▸ Task prompt: Working through the data below, reproduce word for word the line with "this 1920×1280 image." and every line after it, both ends included, and omit the pictures.

Start of Input for this task

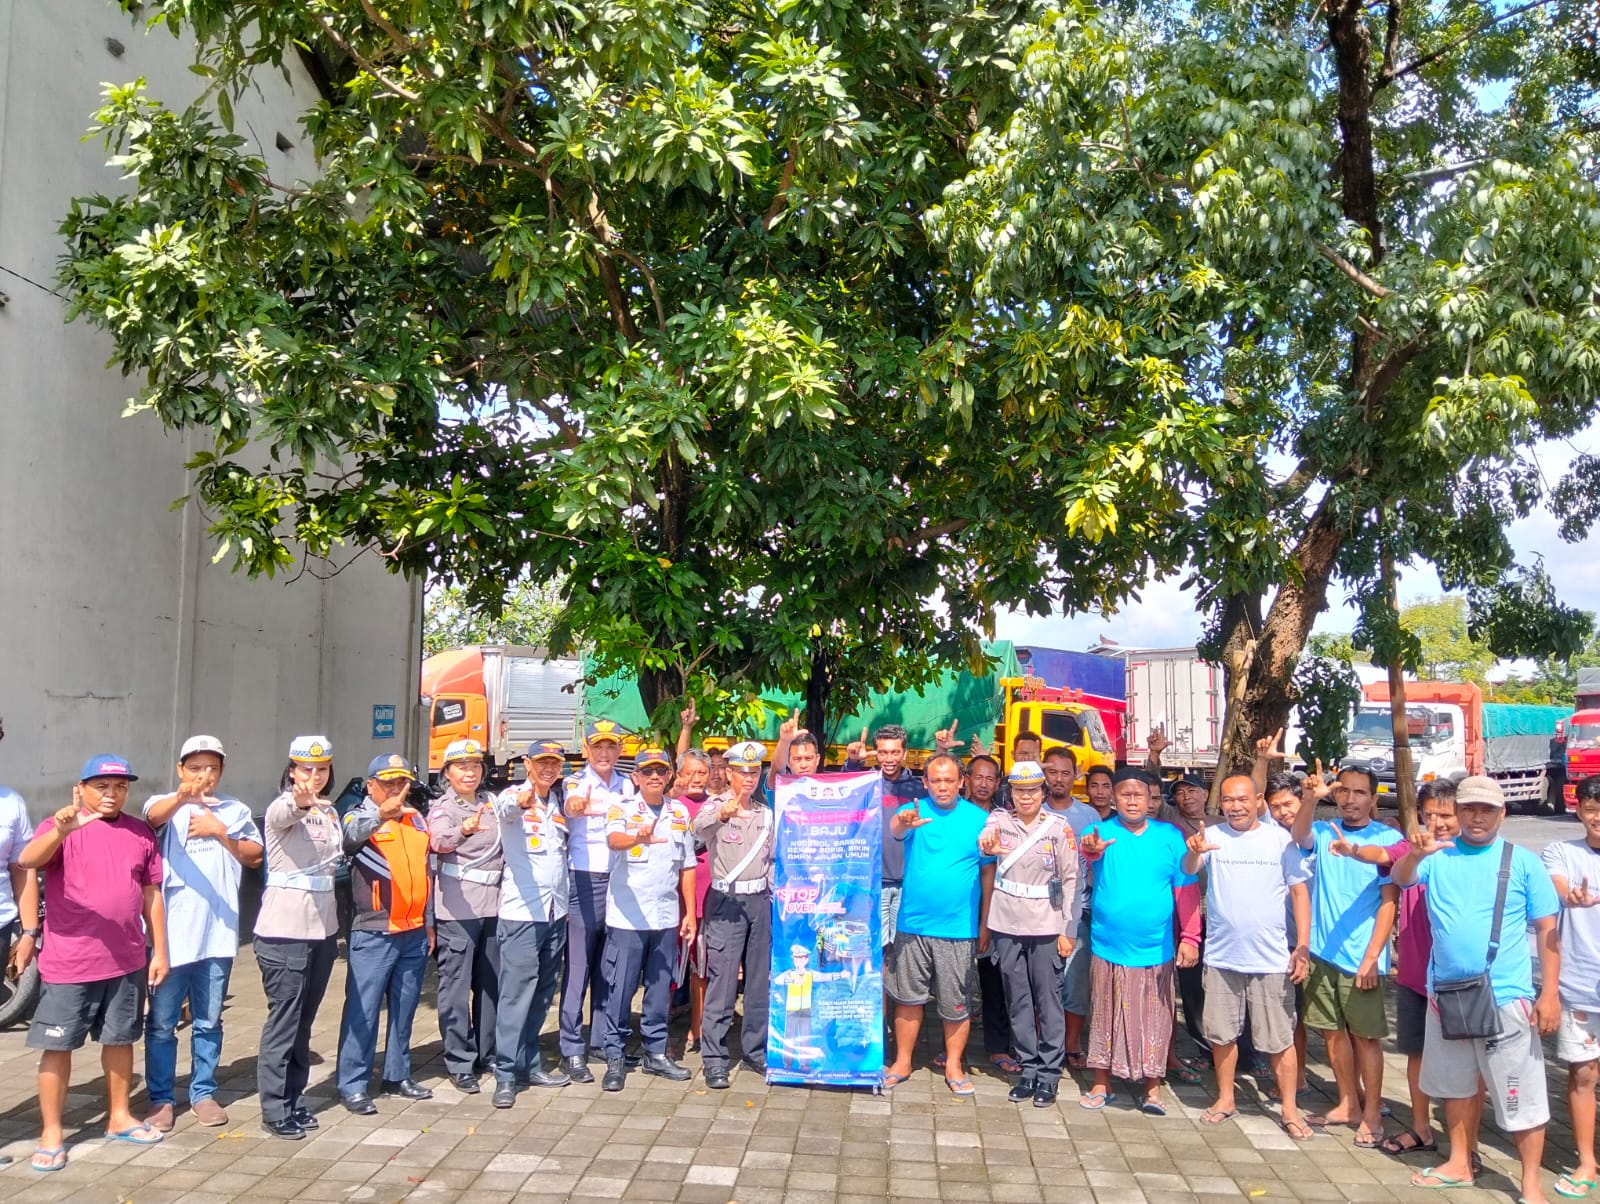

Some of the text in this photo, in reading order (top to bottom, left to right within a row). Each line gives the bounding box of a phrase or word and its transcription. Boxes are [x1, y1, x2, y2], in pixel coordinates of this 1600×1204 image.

[375, 708, 394, 720] KANTIN
[306, 817, 323, 825] NILA
[810, 826, 847, 836] BAJU
[845, 851, 870, 859] UMUM
[780, 889, 818, 900] STOP
[787, 903, 816, 913] OVER
[1506, 1076, 1520, 1112] ALL STAR
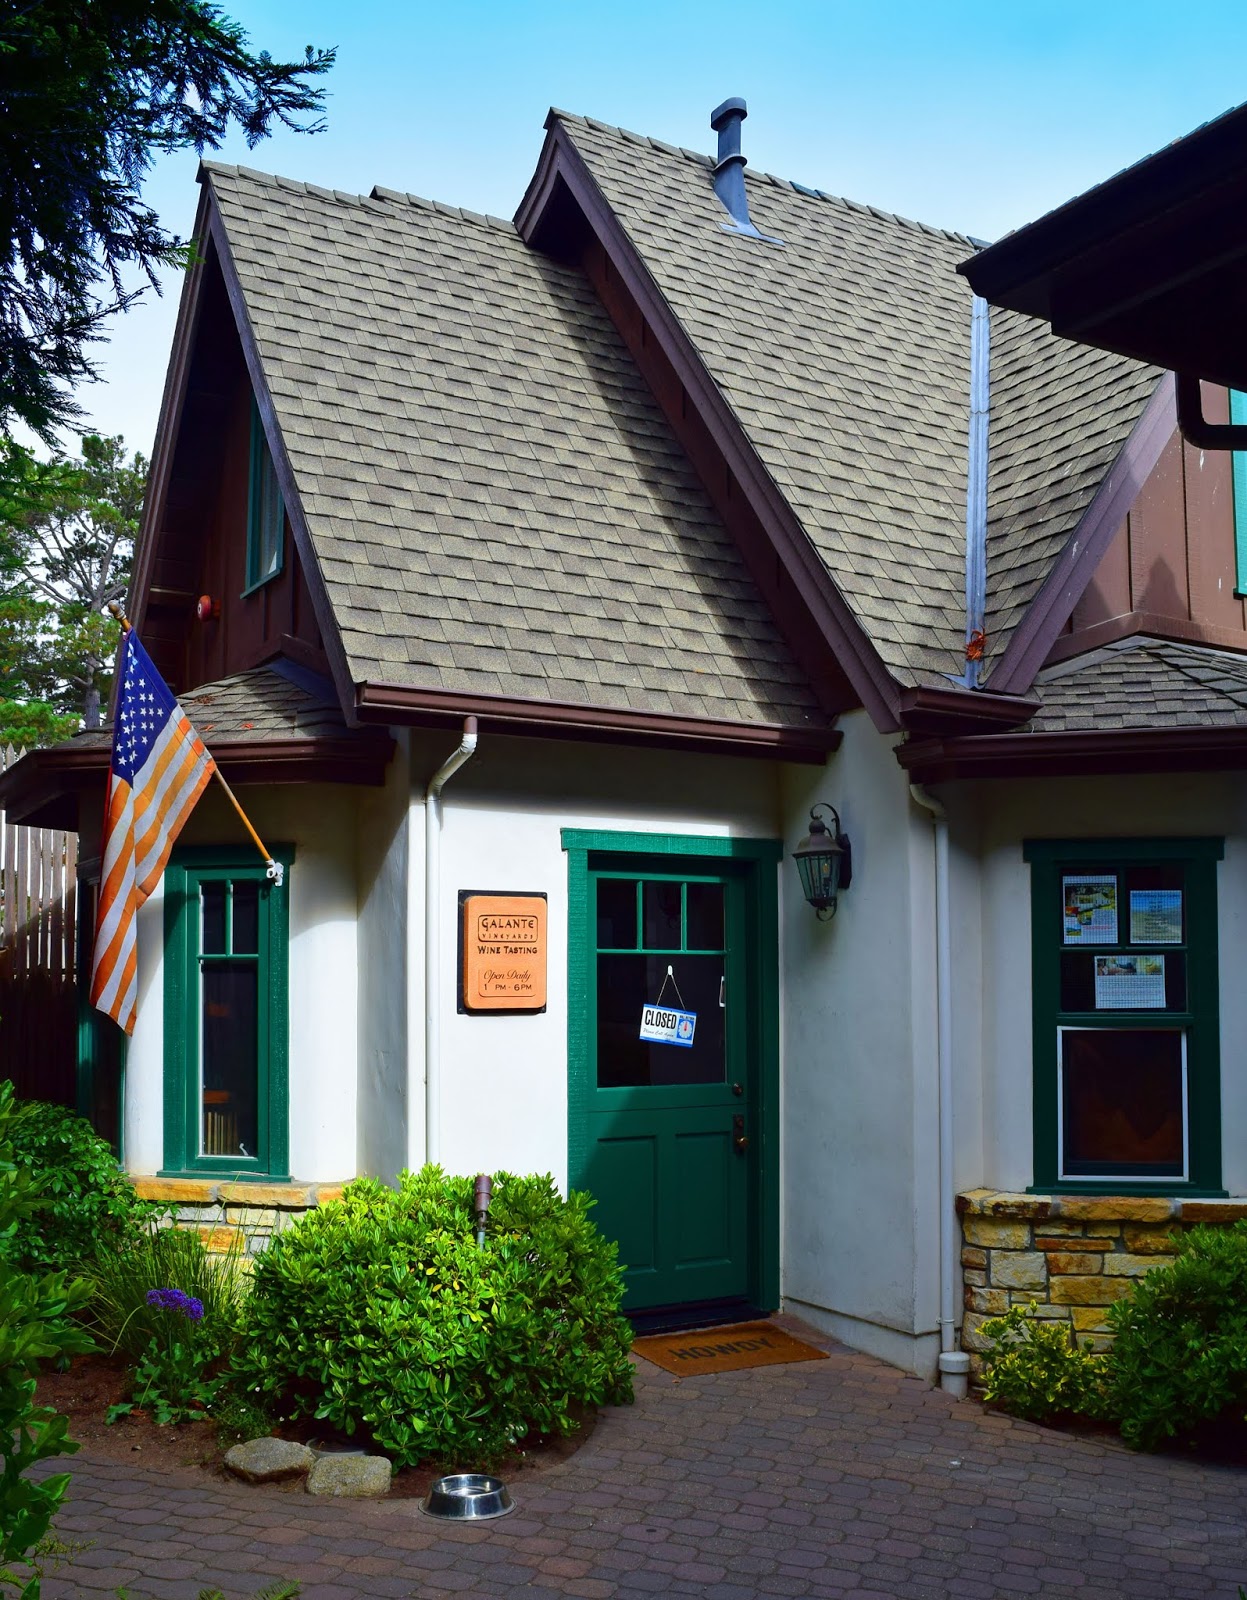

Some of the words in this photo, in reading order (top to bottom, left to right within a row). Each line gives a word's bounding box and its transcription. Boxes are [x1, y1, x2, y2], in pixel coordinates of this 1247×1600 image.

[482, 918, 534, 931] GALANTE
[478, 946, 501, 954] WINE
[504, 946, 538, 954] TASTING
[484, 969, 504, 983] Open
[506, 969, 531, 982] Daily
[645, 1010, 677, 1029] CLOSED
[669, 1338, 775, 1360] HOWDY
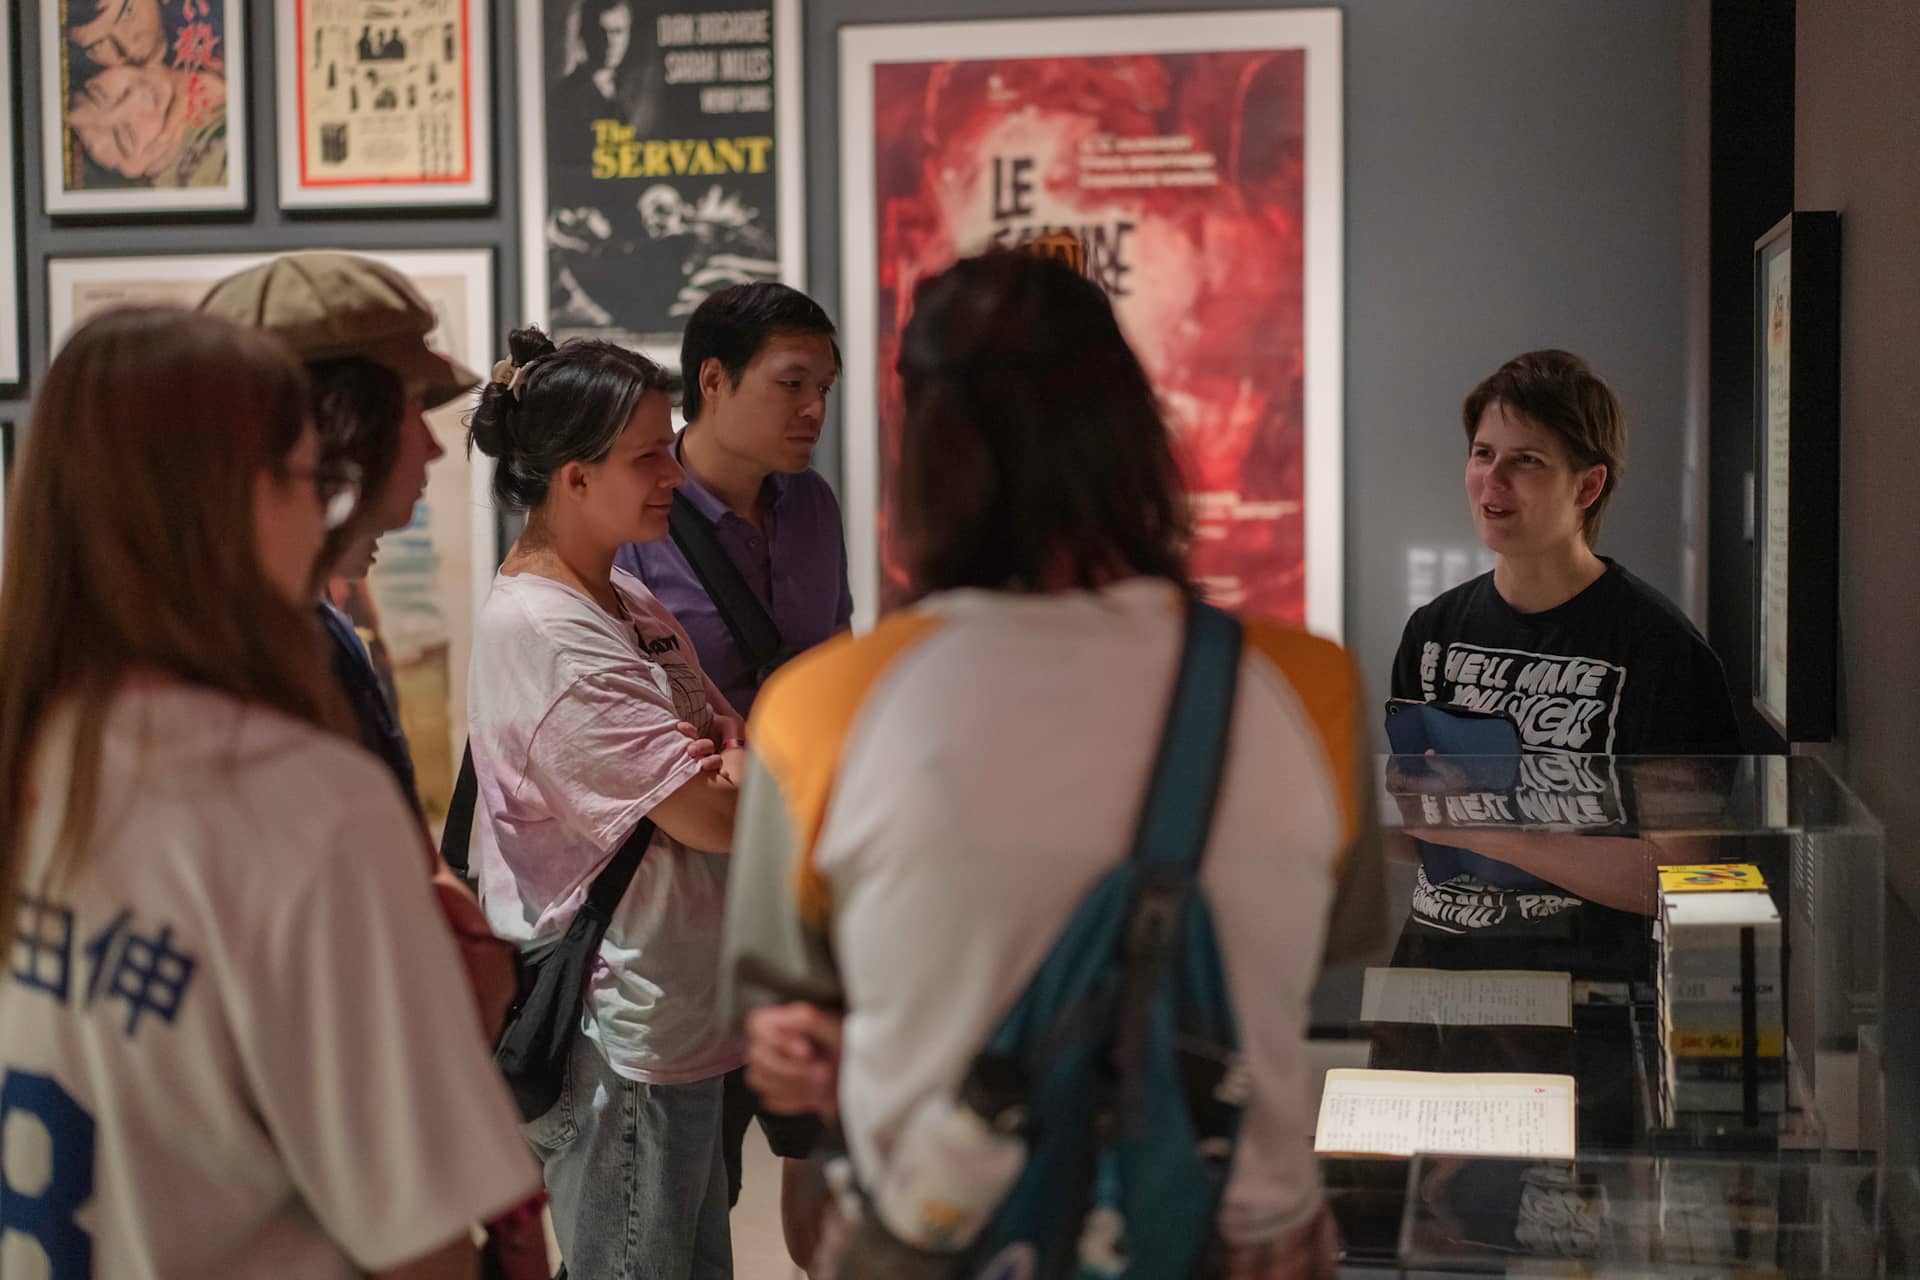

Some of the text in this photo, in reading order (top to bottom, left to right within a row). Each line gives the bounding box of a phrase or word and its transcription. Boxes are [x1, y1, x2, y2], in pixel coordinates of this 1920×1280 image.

[592, 119, 638, 142] The
[592, 137, 772, 179] SERVANT
[993, 157, 1034, 220] LE
[1515, 660, 1607, 696] MAKE
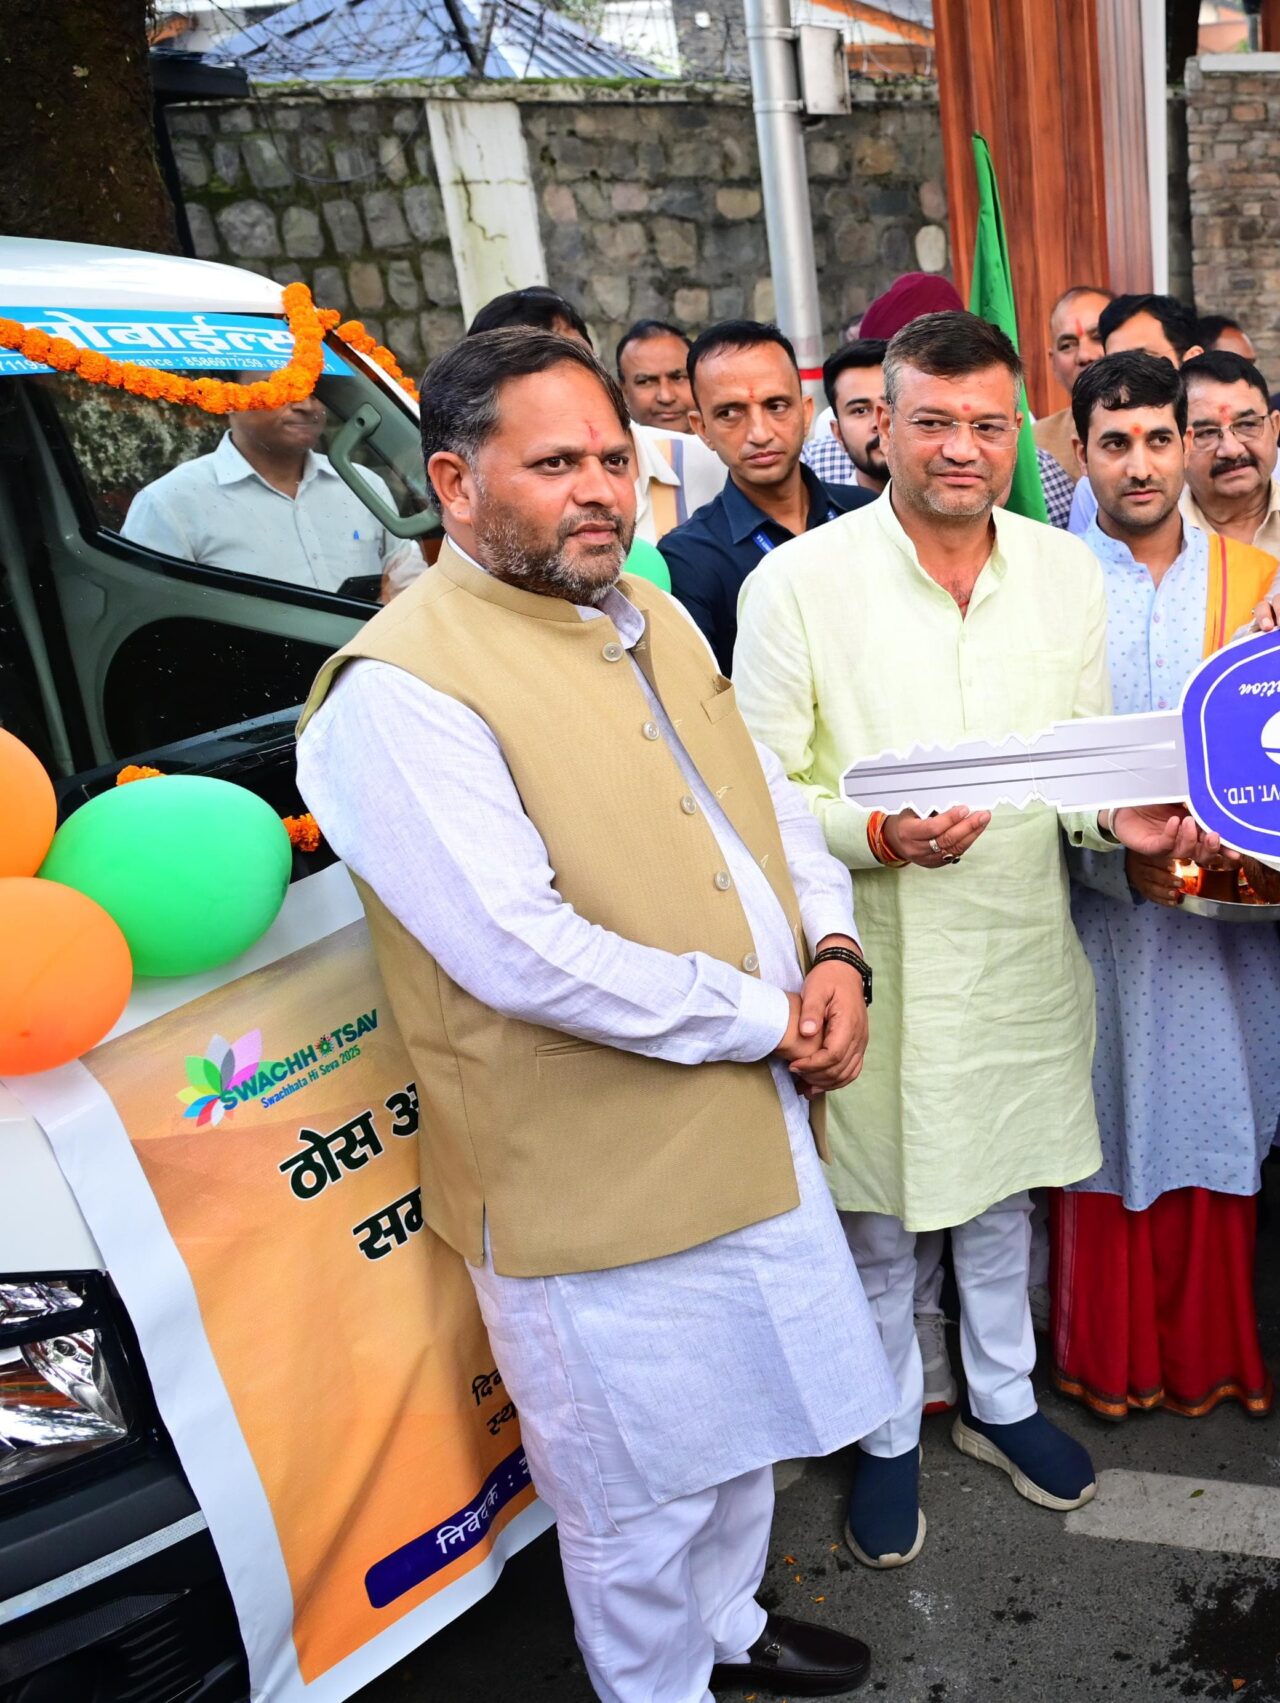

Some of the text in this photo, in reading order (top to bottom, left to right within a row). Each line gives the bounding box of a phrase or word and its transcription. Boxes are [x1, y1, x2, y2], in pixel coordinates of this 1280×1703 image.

[1223, 785, 1255, 805] LTD.
[261, 1044, 362, 1109] Swachhata Hi Seva 2025
[279, 1109, 384, 1199] ठोस
[436, 1483, 498, 1554] निवेदक

End of Input for this task

▸ Task result:
Some of the text in this photo, in reading order (top to bottom, left to right within a row). Each line gives the bounding box of a phrase or word and its transcription. Boxes are [x1, y1, x2, y2], in pixel coordinates of this 1920×1280 image.

[592, 119, 638, 142] The
[592, 137, 772, 179] SERVANT
[993, 157, 1034, 220] LE
[1515, 660, 1607, 696] MAKE

Some of the text in this photo, in reading order (top to bottom, left to right within a row). Each line gives the bounding box of a phrase or word and its transcription. Boxes are [x1, y1, x2, y2], in pixel coordinates of this 1280×1703 image.

[1223, 785, 1255, 805] LTD.
[261, 1044, 362, 1109] Swachhata Hi Seva 2025
[279, 1109, 384, 1199] ठोस
[436, 1483, 498, 1554] निवेदक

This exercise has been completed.